Billig aber einigermassen ok ist fuer Waller denke ich YAD, aber die ganzen Firmen im unteren bis mittleren PReissegment unterscheiden sich doch eh ueberhaupt nicht mehr. Kommen alle von den gleichen 2-3 grossen Produzenten und denn gibt es am Ende nen unterschiedlichen Firmennamen .... 
Fuer den Kutter ist es total egal - kann man auch mit allem Durchschnittsgeraet antanzen...

Aber nen 2,5m Waller soll die aushalten?? Ja klar, soll man erstmal fangen  - das war wohl etwas hoch gegriffen... Habe noch keinen 2,5m Waller gesehen - und ich war schon einige Male am Po, als ich noch in Italien lebte...
Und selbst den kann man vermutlich im Vergleich zum Thun oder Marlin vergessen - da brauch man also kein 80IBS Geraet...

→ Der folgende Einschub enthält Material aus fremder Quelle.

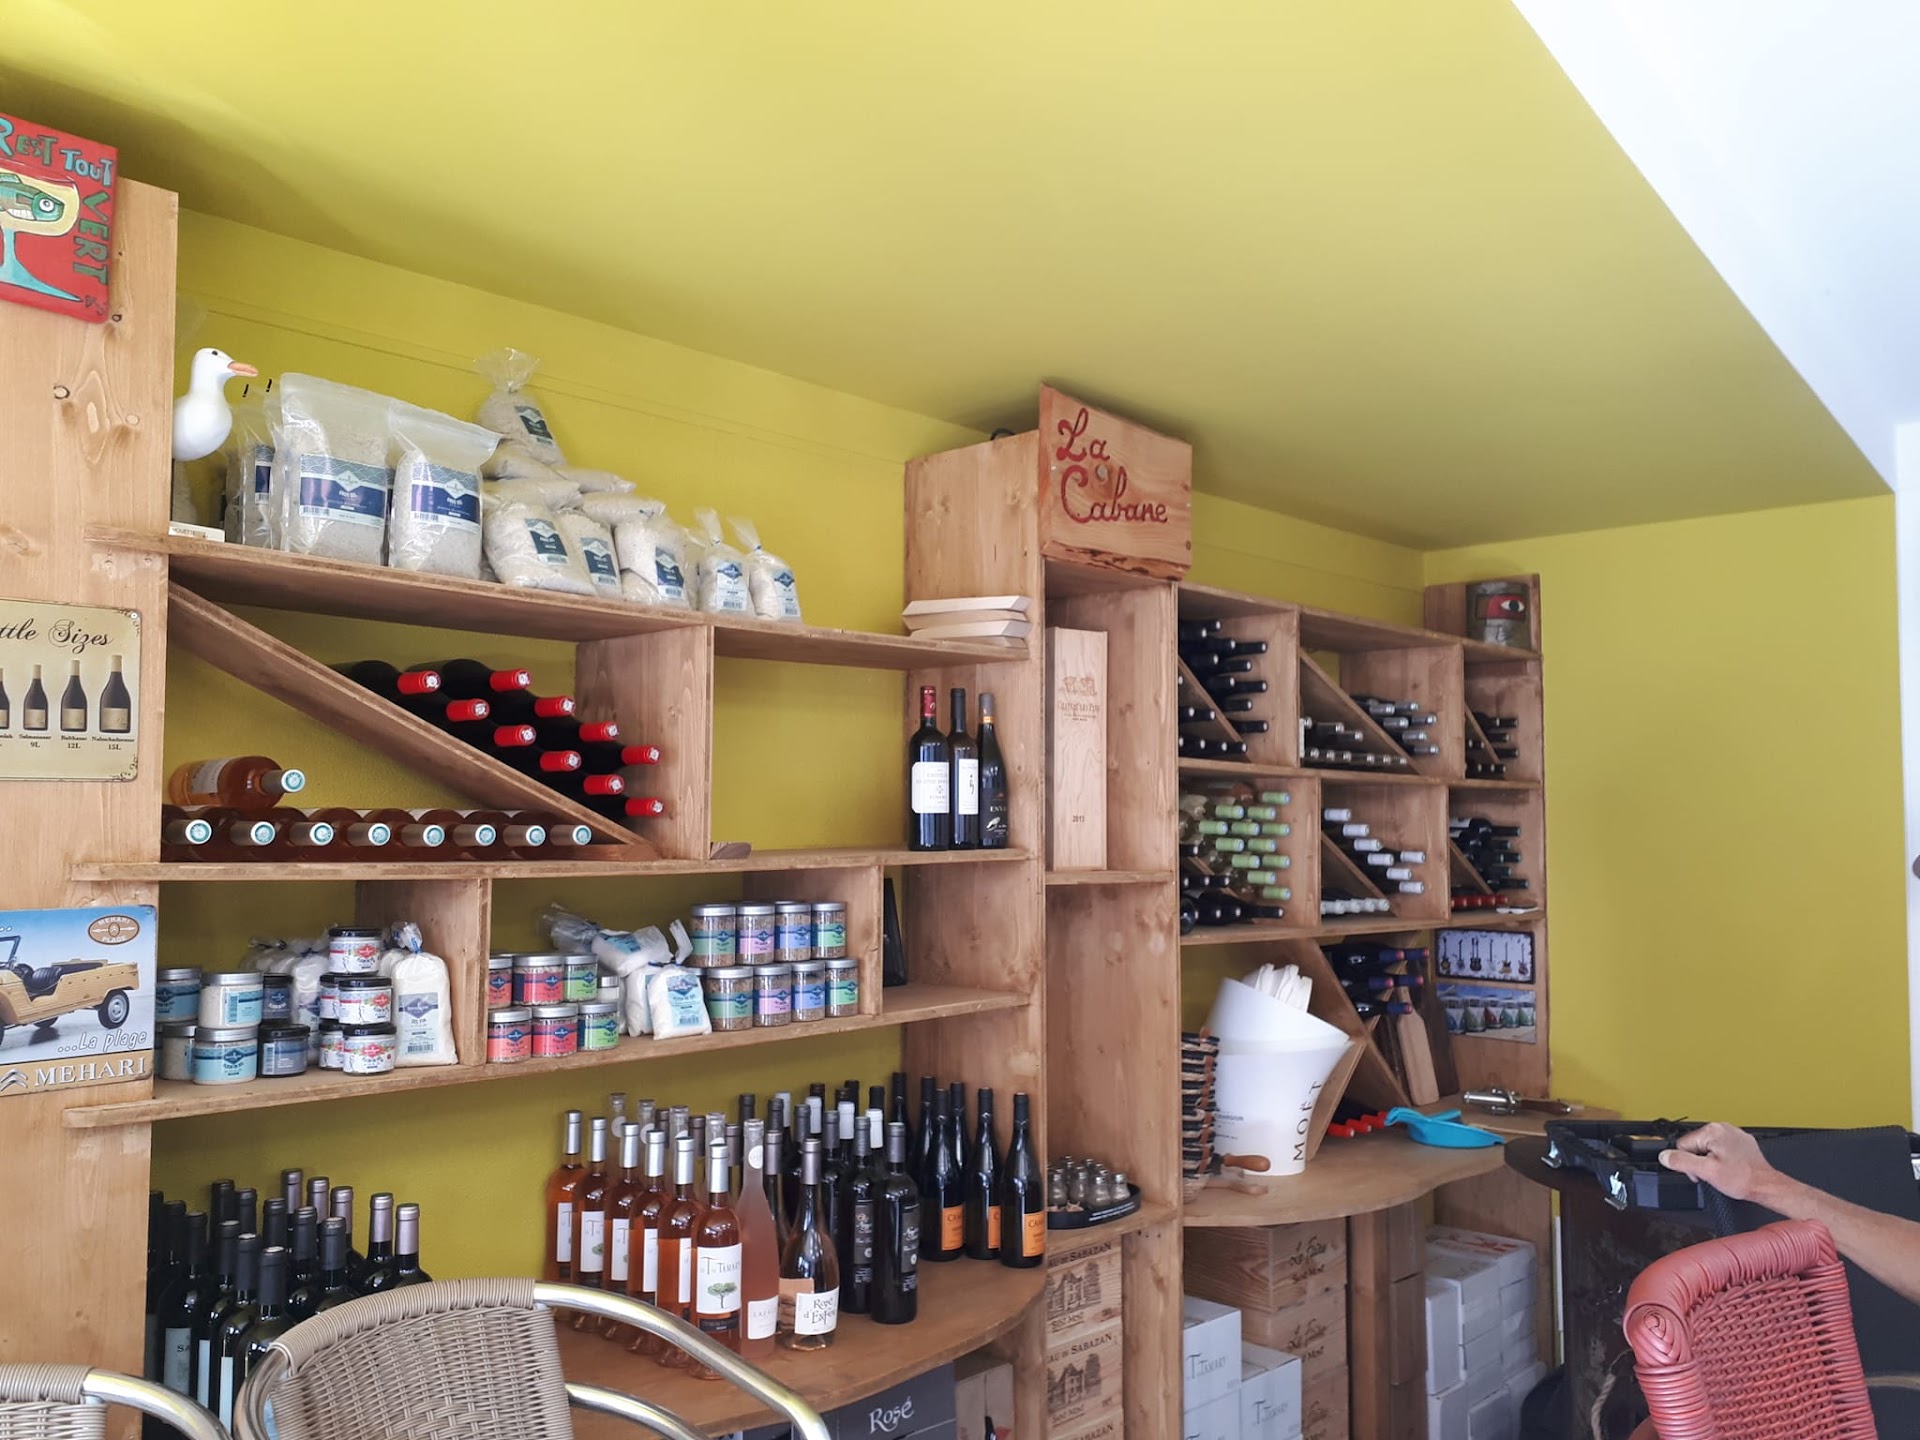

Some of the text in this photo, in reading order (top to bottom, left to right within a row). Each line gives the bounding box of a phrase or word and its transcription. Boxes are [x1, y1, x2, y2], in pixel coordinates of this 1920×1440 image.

Wenn ich noch mal auf Waller gehen wuerde, denn wuerde ich meine 30-50IBS Popperrute nehmen... Reicht doch aus fuer diese fiesen schleimigen behaebigen Viecher.... Okay, ist aber nur meine Meinung - und klar die ganzen 2,5m Fische reisst man damit natuerlich ab 

Also, all the best
Ansgar


----------



## Dxlfxn (23. August 2007)

*AW: Suche Welsrute mit Kuttertauglichkeit auf Dorsch*

Naja,
wenn man für jeden 2,5m Waller, der bisher gefangen wurde, ne Rute gebaut hätte, wär es sicher ne sehr kleine Serie geworden.
Andererseits ist ja ein Waller vielleicht schwer, aber nicht so ne wirkliche Herausforderung im Drill. Es mag ja für viele erstmal die größte erreichbare Stückmasse sein. Das macht ihn aber nicht zum Big Gamefisch. Es mag kleinkariert klingen - und es hat überhaupt nichts mit der Arroganz von Big Game Anglern ( zu denen ich mich nicht zähle ) zu tun. Aber ich würde auch nicht mit einer Rotlachsmontage ( Wollfliege am 1/oer Haken und Tyroler Hölzl bei den Fliegnfischern rumeiern. Auch da würde sicher ein zarter Hinweis kommen...

Insofern nimm mir meinen Hinweis von oben nicht so krumm. Aber der Raubfischthread oder der Bootsanglerthread hätte dir sicher auch geholfen.


----------



## DonCamile (23. August 2007)

*AW: Suche Welsrute mit Kuttertauglichkeit auf Dorsch*



Big Fins schrieb:


> Oder meine Super Cat Rute, immerhin etwas günstiger und echt goil..|bla:
> Aber ein schweres Arbeitstier, nix zum poppern das Teil. Ja ich weiß, einige können meine Lobeshymnen auf das Teil nicht mehr hören. |bla:|bla:|bla: :m


Also die Super Cat das ist ja ein affengeiles Teil da stimme ich dir zu :q
Entschuldigt den Thread in eurem dicken dinger Bereich.
Aber ich dachte ich frage mal die die sich wirklich mit dicken Ruten auskennen. :q


----------